The third aspect to this claim is how this lack of obligations and the consequential free-riding on the farmers’ collective resource system of Fonterra, taints the original collective consent the Fonterra farmers gave when the scheme was set up.  Farmers collectively entered into consent for the scheme to enable the formation of Fonterra, but would have been unable to know at the time that the scheme would not produce the originally consulted on outcomes and expose the cooperative to the free-riding on capital by private processors, and critically, how they would feel about this.  There is also the question of honorific value in forcibly removing the fruits of farmers’ time and labour.  Farmers have worked for a number of generations to increase the strength of the cooperative model and are proud of their position in New Zealand and on the world stage as an example of the power of the cooperative model.  The DIRA scheme undermines this honour and sends a message to the NZ public that the government does not value individual producers of export products working collectively to take on larger and better geographically positioned countries successfully.

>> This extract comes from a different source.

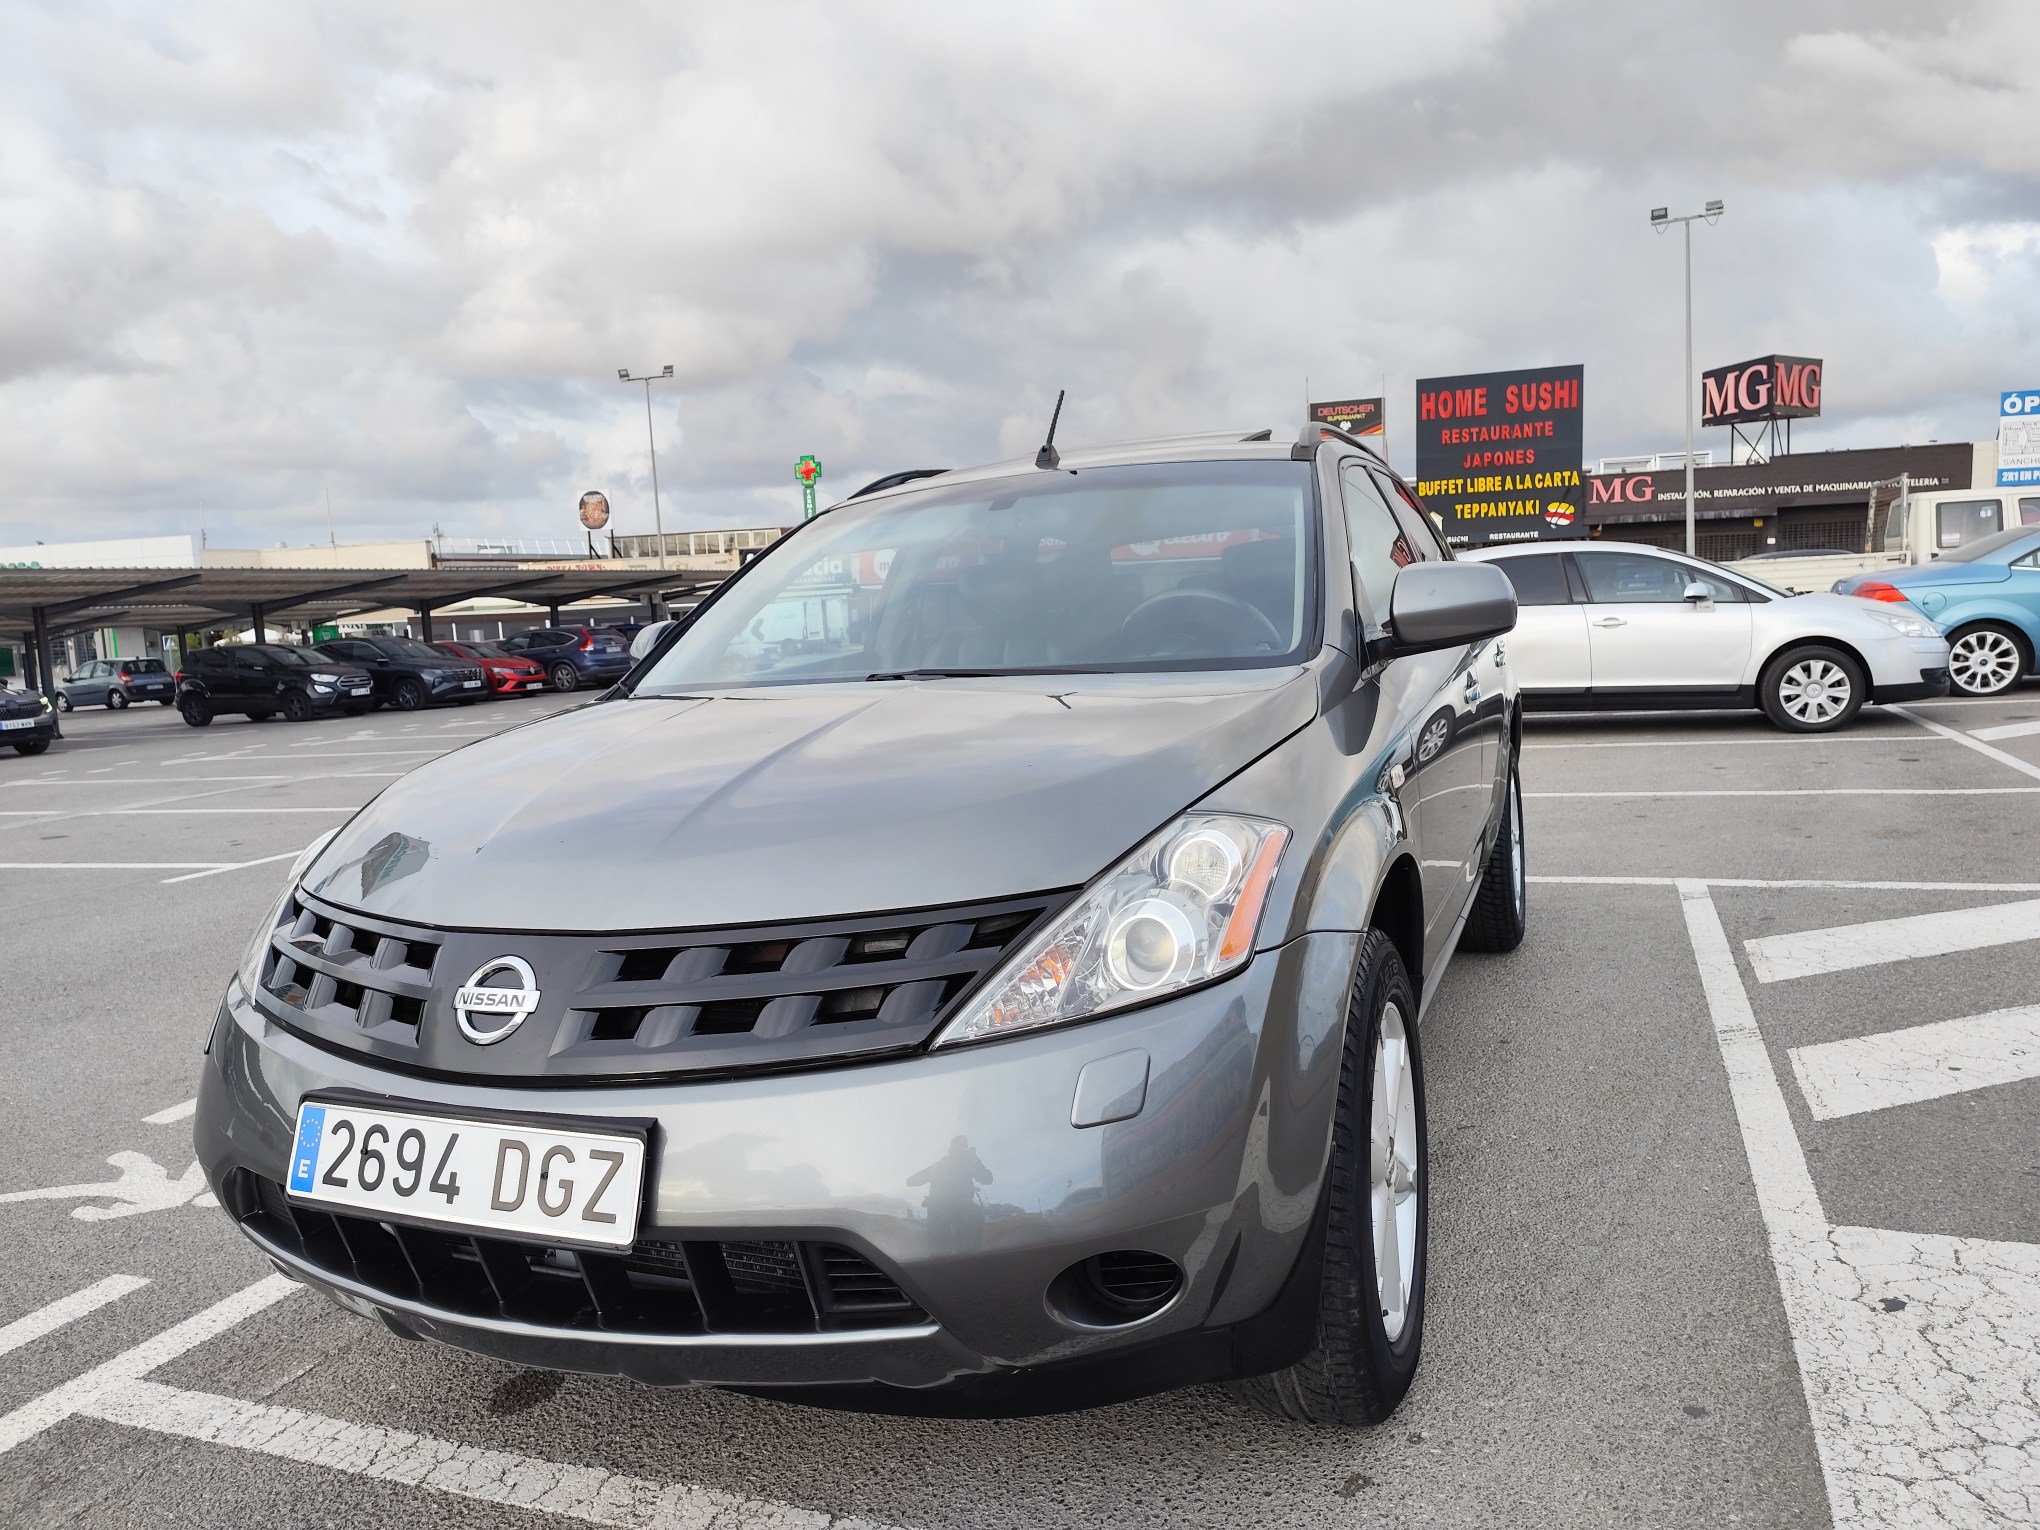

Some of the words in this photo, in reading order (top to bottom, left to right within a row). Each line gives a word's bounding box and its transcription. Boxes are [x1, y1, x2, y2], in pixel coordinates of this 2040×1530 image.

This scheme amounts to nothing more than a re-distribution of income and wealth away from NZ farmers to overseas based investors.  It empowers private processors to free-ride on the cooperative model for their own ends.  This behaviour does not support or enhance the purpose of the original legislation and does not add to the civic good.  The lack of obligations attached to the entitlements seriously erodes the fairness of the scheme.  Tainted consent and the derogation of fair compensation coupled with the lack of freedom for individual farmers to refuse participation in the scheme makes the scheme unjust to those it was intended to protect; the NZ farmer and the NZ public.

As minimum measures to protect the NZ farmer and the NZ public we believe that the following actions are the least the government can take to ensure a basic level of justice is restored.

  • ·         Limit the number of years a private processor can access the scheme.
  • ·         Remove virtual processors.
  • ·         Failure to uptake one month should constitute withdrawing from the scheme for that season.
  • ·         Introduce some form of obligation to the NZ domestic market for those that access the scheme, at least while they are in the scheme.